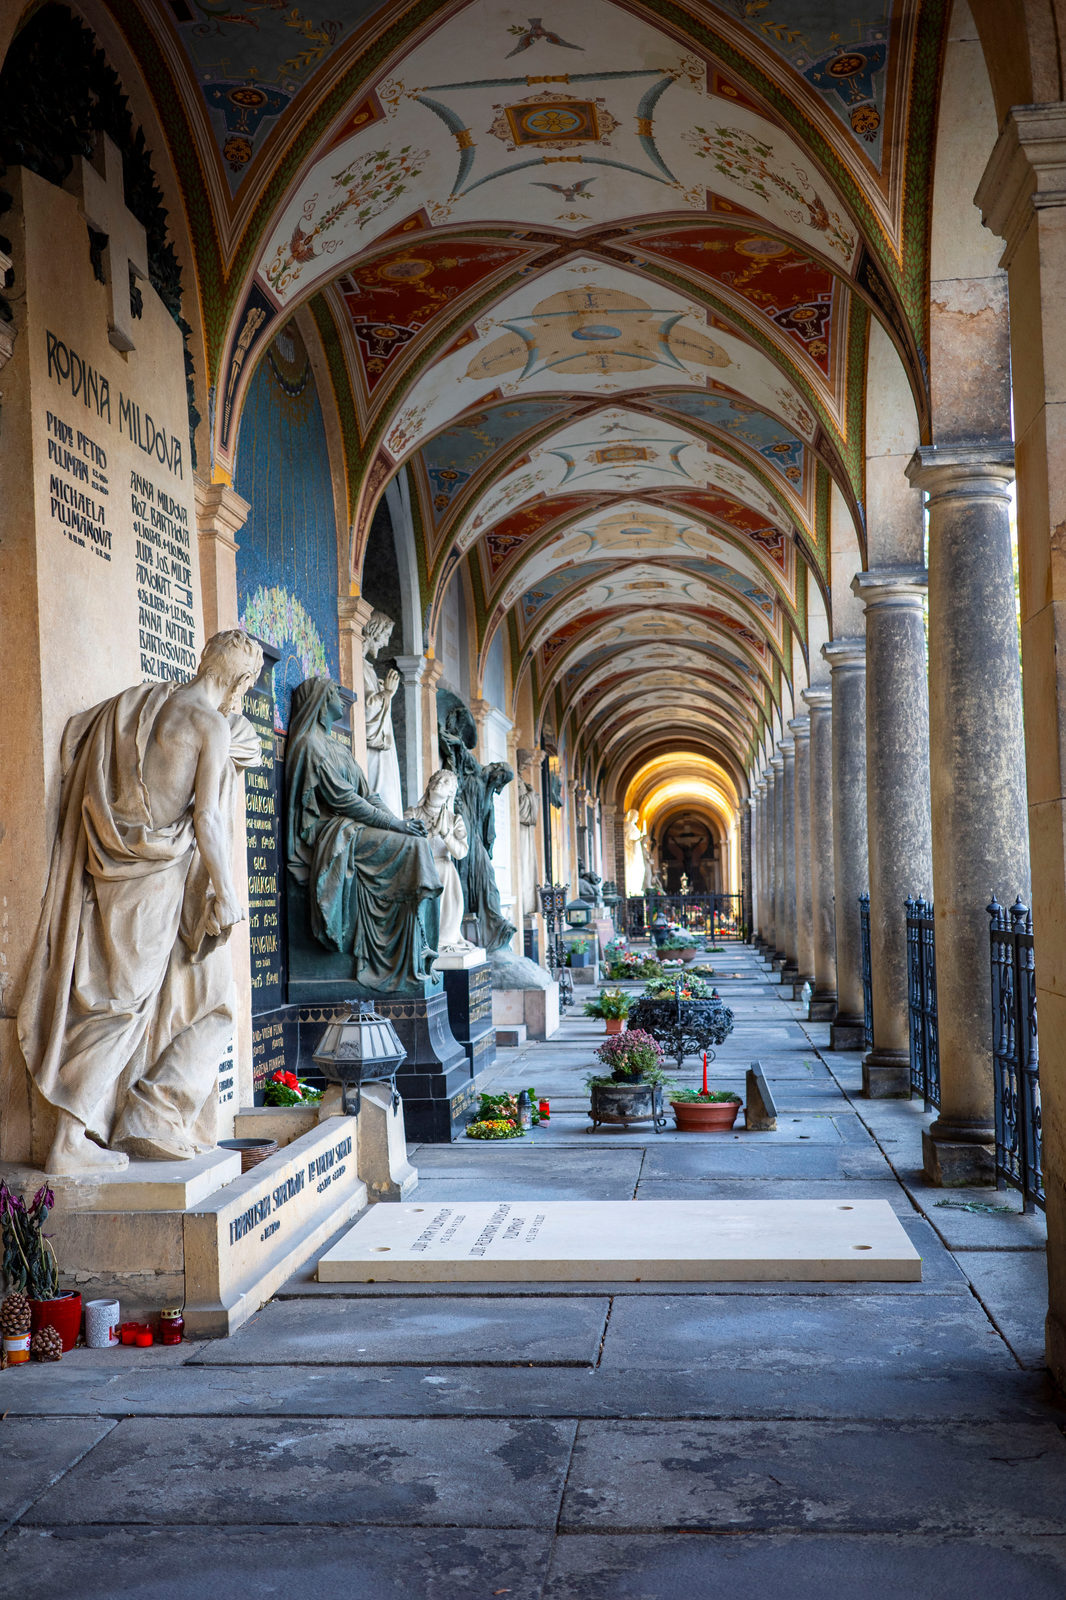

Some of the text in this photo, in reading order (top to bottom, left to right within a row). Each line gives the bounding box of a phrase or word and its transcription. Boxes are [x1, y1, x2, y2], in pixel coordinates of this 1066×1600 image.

[46, 329, 111, 425] RODINA
[47, 438, 89, 484] PUJMAN
[50, 474, 105, 526] MICHAELA
[130, 470, 154, 503] ANNA
[139, 606, 162, 635] ANNA

**What to produce:**
Exactly as written, return each line above and leave the pictures behind.

**Output of the exercise:**
Some of the text in this photo, in reading order (top to bottom, left to right within a row). Each line gives the bounding box of a phrase or word and its transcription. Boxes are [x1, y1, x2, y2], in pixel coordinates of this 1066×1600 image.

[46, 329, 111, 425] RODINA
[47, 438, 89, 484] PUJMAN
[50, 474, 105, 526] MICHAELA
[130, 470, 154, 503] ANNA
[139, 606, 162, 635] ANNA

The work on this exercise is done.